## TASK OBJECTIVE
Output the full set of records exactly.

## Phrase grounding data
═══

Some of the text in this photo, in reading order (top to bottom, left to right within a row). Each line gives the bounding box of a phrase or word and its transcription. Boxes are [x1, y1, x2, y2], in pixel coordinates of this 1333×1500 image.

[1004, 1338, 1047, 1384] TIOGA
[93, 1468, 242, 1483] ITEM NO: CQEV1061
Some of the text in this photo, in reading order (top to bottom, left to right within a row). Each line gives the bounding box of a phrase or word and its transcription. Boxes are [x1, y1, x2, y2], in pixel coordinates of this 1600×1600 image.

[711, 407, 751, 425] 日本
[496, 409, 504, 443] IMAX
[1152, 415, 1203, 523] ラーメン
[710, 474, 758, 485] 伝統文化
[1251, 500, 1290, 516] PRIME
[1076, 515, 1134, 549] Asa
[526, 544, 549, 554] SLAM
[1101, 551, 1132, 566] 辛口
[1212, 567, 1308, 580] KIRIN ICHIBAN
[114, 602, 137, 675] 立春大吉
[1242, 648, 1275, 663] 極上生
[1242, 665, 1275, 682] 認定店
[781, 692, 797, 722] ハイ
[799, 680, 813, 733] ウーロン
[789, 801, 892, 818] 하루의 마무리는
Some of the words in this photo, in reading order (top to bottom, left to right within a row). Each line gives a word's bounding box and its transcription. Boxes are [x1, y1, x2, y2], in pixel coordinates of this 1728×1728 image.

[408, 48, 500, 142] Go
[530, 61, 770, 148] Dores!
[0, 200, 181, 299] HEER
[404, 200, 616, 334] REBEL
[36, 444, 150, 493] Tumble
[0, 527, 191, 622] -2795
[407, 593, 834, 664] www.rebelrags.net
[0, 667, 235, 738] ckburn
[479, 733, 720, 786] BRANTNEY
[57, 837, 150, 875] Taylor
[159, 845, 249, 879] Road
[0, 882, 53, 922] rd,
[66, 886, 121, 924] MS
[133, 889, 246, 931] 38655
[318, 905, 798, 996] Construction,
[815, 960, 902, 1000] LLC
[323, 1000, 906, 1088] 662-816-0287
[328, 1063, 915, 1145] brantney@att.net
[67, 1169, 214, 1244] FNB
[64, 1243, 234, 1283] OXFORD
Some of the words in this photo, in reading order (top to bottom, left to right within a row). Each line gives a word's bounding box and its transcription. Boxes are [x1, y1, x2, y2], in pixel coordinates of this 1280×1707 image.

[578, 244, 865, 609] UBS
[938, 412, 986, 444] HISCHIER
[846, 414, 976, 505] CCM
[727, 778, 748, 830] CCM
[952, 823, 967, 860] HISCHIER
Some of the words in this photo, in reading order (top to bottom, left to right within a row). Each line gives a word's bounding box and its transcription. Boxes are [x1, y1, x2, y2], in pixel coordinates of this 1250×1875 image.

═══

## SOLVED EXERCISE
Some of the text in this photo, in reading order (top to bottom, left to right within a row). Each line gives the bounding box of a phrase or word and its transcription. Boxes are [x1, y1, x2, y2], in pixel coordinates of this 1333×1500 image.

[1004, 1338, 1047, 1384] TIOGA
[93, 1468, 242, 1483] ITEM NO: CQEV1061
Some of the text in this photo, in reading order (top to bottom, left to right within a row). Each line gives the bounding box of a phrase or word and its transcription. Boxes are [x1, y1, x2, y2], in pixel coordinates of this 1600×1600 image.

[711, 407, 751, 425] 日本
[496, 409, 504, 443] IMAX
[1152, 415, 1203, 523] ラーメン
[710, 474, 758, 485] 伝統文化
[1251, 500, 1290, 516] PRIME
[1076, 515, 1134, 549] Asa
[526, 544, 549, 554] SLAM
[1101, 551, 1132, 566] 辛口
[1212, 567, 1308, 580] KIRIN ICHIBAN
[114, 602, 137, 675] 立春大吉
[1242, 648, 1275, 663] 極上生
[1242, 665, 1275, 682] 認定店
[781, 692, 797, 722] ハイ
[799, 680, 813, 733] ウーロン
[789, 801, 892, 818] 하루의 마무리는
Some of the words in this photo, in reading order (top to bottom, left to right within a row). Each line gives a word's bounding box and its transcription. Boxes are [x1, y1, x2, y2], in pixel coordinates of this 1728×1728 image.

[408, 48, 500, 142] Go
[530, 61, 770, 148] Dores!
[0, 200, 181, 299] HEER
[404, 200, 616, 334] REBEL
[36, 444, 150, 493] Tumble
[0, 527, 191, 622] -2795
[407, 593, 834, 664] www.rebelrags.net
[0, 667, 235, 738] ckburn
[479, 733, 720, 786] BRANTNEY
[57, 837, 150, 875] Taylor
[159, 845, 249, 879] Road
[0, 882, 53, 922] rd,
[66, 886, 121, 924] MS
[133, 889, 246, 931] 38655
[318, 905, 798, 996] Construction,
[815, 960, 902, 1000] LLC
[323, 1000, 906, 1088] 662-816-0287
[328, 1063, 915, 1145] brantney@att.net
[67, 1169, 214, 1244] FNB
[64, 1243, 234, 1283] OXFORD
Some of the words in this photo, in reading order (top to bottom, left to right within a row). Each line gives a word's bounding box and its transcription. Boxes are [x1, y1, x2, y2], in pixel coordinates of this 1280×1707 image.

[578, 244, 865, 609] UBS
[938, 412, 986, 444] HISCHIER
[846, 414, 976, 505] CCM
[727, 778, 748, 830] CCM
[952, 823, 967, 860] HISCHIER
Some of the words in this photo, in reading order (top to bottom, left to right within a row). Each line gives a word's bounding box and its transcription. Boxes are [x1, y1, x2, y2], in pixel coordinates of this 1250×1875 image.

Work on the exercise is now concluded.